→ Task goal: Send back the data below exactly. Drop every picture.

★ ★ ★ ★ ★

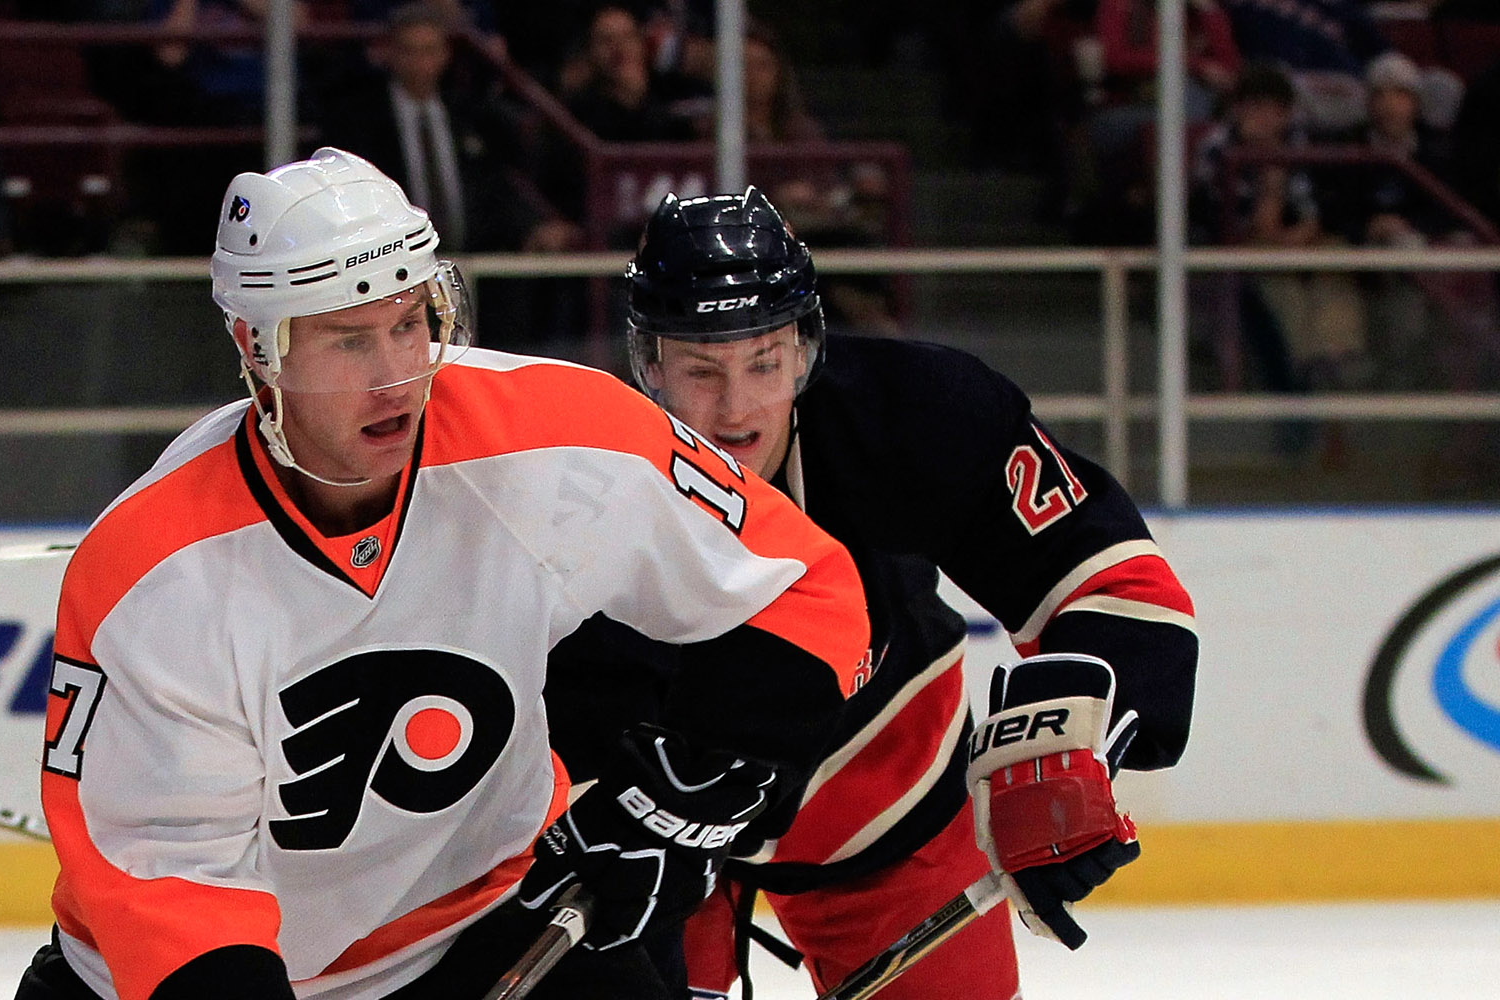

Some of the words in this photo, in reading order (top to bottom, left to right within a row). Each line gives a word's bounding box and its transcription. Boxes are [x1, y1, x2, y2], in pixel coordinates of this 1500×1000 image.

[345, 239, 405, 269] BAUER
[696, 294, 760, 313] CCM
[968, 708, 1071, 764] UER
[616, 785, 750, 849] BAUER
[558, 910, 579, 924] 17
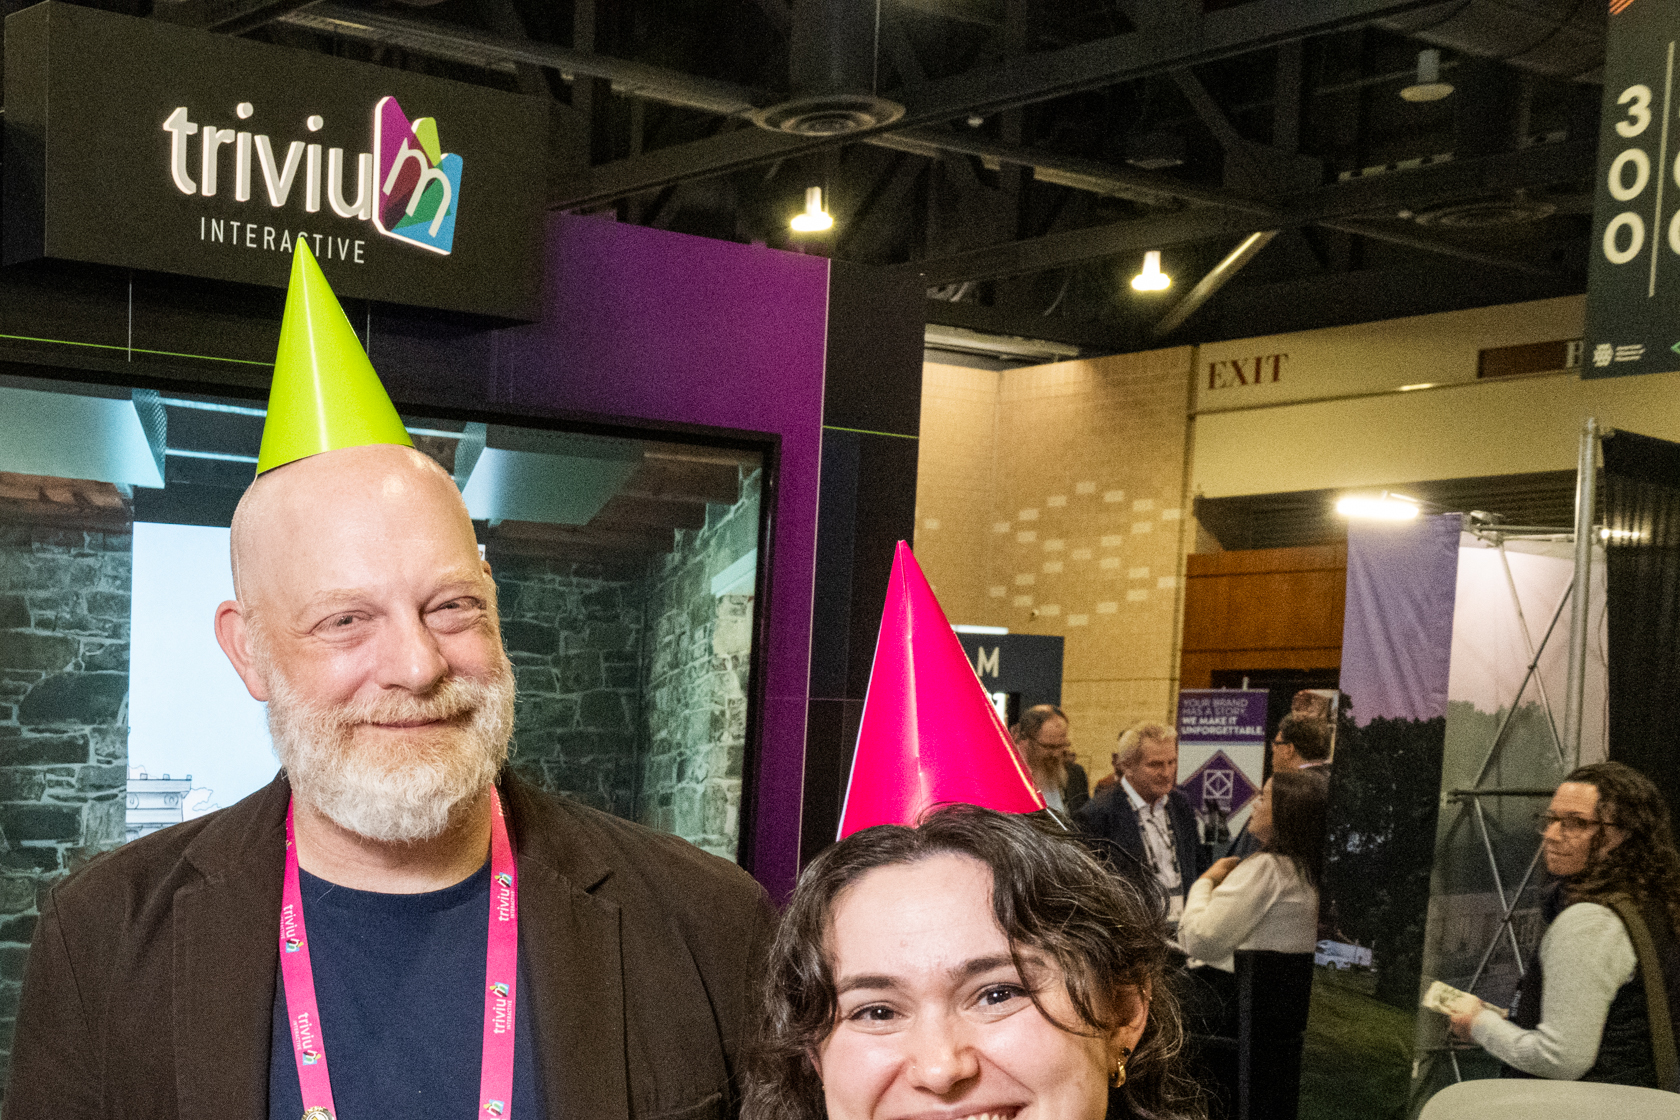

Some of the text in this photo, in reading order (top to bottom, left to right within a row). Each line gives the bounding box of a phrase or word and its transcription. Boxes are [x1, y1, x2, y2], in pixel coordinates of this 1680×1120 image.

[162, 102, 452, 238] trivium
[200, 217, 365, 263] INTERATIVE
[1207, 353, 1289, 390] EXIT
[1182, 717, 1238, 725] WE MAKE IT
[1183, 699, 1248, 707] YOUR BRAND
[497, 874, 512, 921] trivium
[283, 904, 300, 951] trivium
[492, 983, 509, 1034] trivium
[297, 1012, 318, 1065] trivium

★ ★ ★ ★ ★

→ Written reply:
Some of the words in this photo, in reading order (top to bottom, left to right within a row). Each line gives a word's bounding box and its transcription. Boxes are [x1, y1, x2, y2], in pixel coordinates of this 1500×1000 image.

[345, 239, 405, 269] BAUER
[696, 294, 760, 313] CCM
[968, 708, 1071, 764] UER
[616, 785, 750, 849] BAUER
[558, 910, 579, 924] 17

Some of the text in this photo, in reading order (top to bottom, left to right within a row). Each line gives the bounding box of a phrase or word and its transcription. Boxes are [x1, y1, x2, y2], in pixel coordinates of this 1680×1120 image.

[162, 102, 452, 238] trivium
[200, 217, 365, 263] INTERATIVE
[1207, 353, 1289, 390] EXIT
[1182, 717, 1238, 725] WE MAKE IT
[1183, 699, 1248, 707] YOUR BRAND
[497, 874, 512, 921] trivium
[283, 904, 300, 951] trivium
[492, 983, 509, 1034] trivium
[297, 1012, 318, 1065] trivium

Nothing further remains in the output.